Sri Laelasari Dipastikan Melenggang ke Gedung Dewan?

Sri Laelasari Dipastikan Melenggang ke Gedung Dewan?

Senin, 22 Juli 2019, Juli 22, 2019

Kuningan (SATU) - Persidangan Putusan Dismissal Mahkamah Konstitusi (MK), Senin (22/7/2019) perihal dua permohonan perkara perselisihan hasil pemilu (PHPU) pemilihan legislatif 2019 untuk lokus Kabupaten Kuninngan dinyatakan tidak bisa diterima.

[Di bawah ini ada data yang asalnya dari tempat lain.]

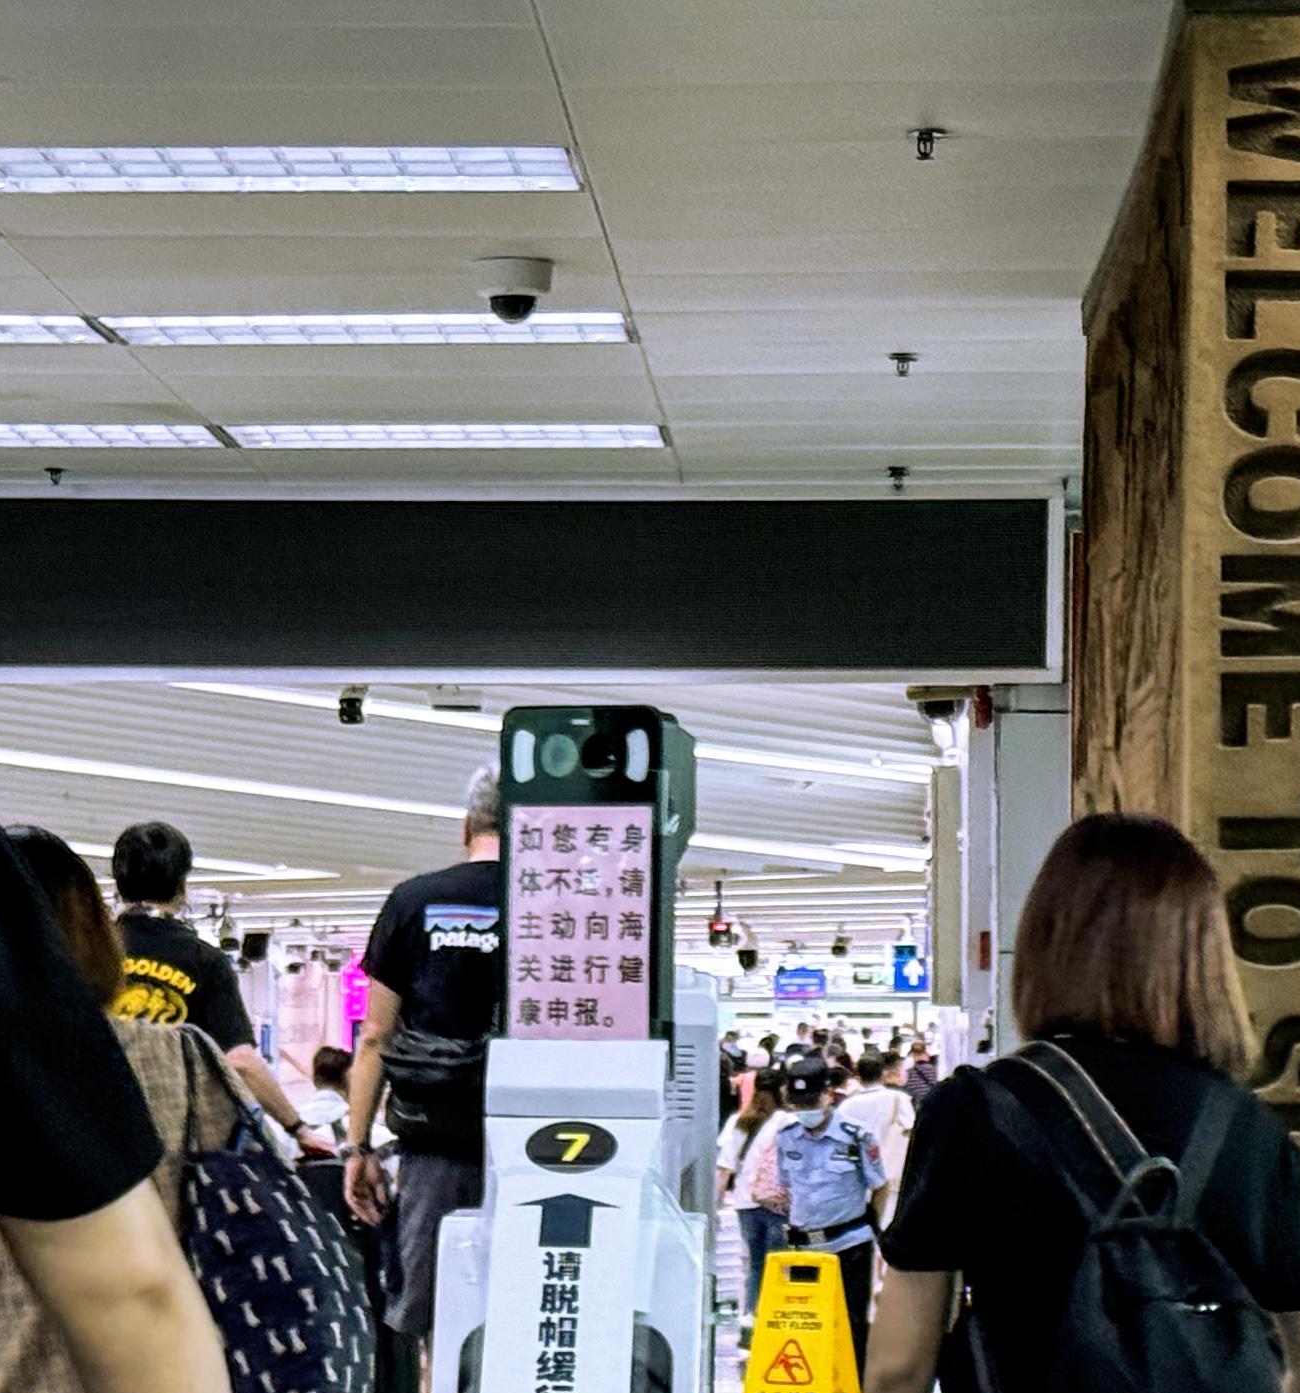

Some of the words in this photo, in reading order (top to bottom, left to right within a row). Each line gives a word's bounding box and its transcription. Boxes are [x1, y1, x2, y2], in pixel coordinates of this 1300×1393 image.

Hal tersebut dikarenakan permohonan dari pemohon dinilai tidak memenuhi syarat formal dalam pengajuan gugatan ke MK. 

Salah satu perkara PHPU yang dimaksud adalah perihal perselisihan hasil rekapitulasi pemilu antara dua caleg dari Partai Gerindra Dapil Kuningan 1, yakni Sri Laelasari dan Eka Satria Ramadhan.

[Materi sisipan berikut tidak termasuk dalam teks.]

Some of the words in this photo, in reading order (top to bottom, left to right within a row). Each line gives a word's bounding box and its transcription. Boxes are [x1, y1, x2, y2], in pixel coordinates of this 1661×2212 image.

Dilansir dari situs berita kuninganreligi.com, perihal perkara tersebut, Ketua KPU Kabupaten Kuningan, Asep Z Fauzi menyatakan bahwa caleg terpilih berdasarkan keputusan Dismissal tersebut adalah sesuai dengan SK yang terakhir dikeluarkan oleh KPU.


"Sesuai SK KPU yang terakhir (Tentang Perubahan Atas Surat Keputusan KPU Kuningan Nomor 68/PL.01.7-Kpt/3208/KPU-Kab/IV/2019 tentang Penetapan Rekapitulasi Hasil Penghitungan Perolehan Suara Peserta Pemilu Anggota DPRD Kabupaten Kuningan Tahun 2019 - red)," kata Asfa, sapaan akrabnya.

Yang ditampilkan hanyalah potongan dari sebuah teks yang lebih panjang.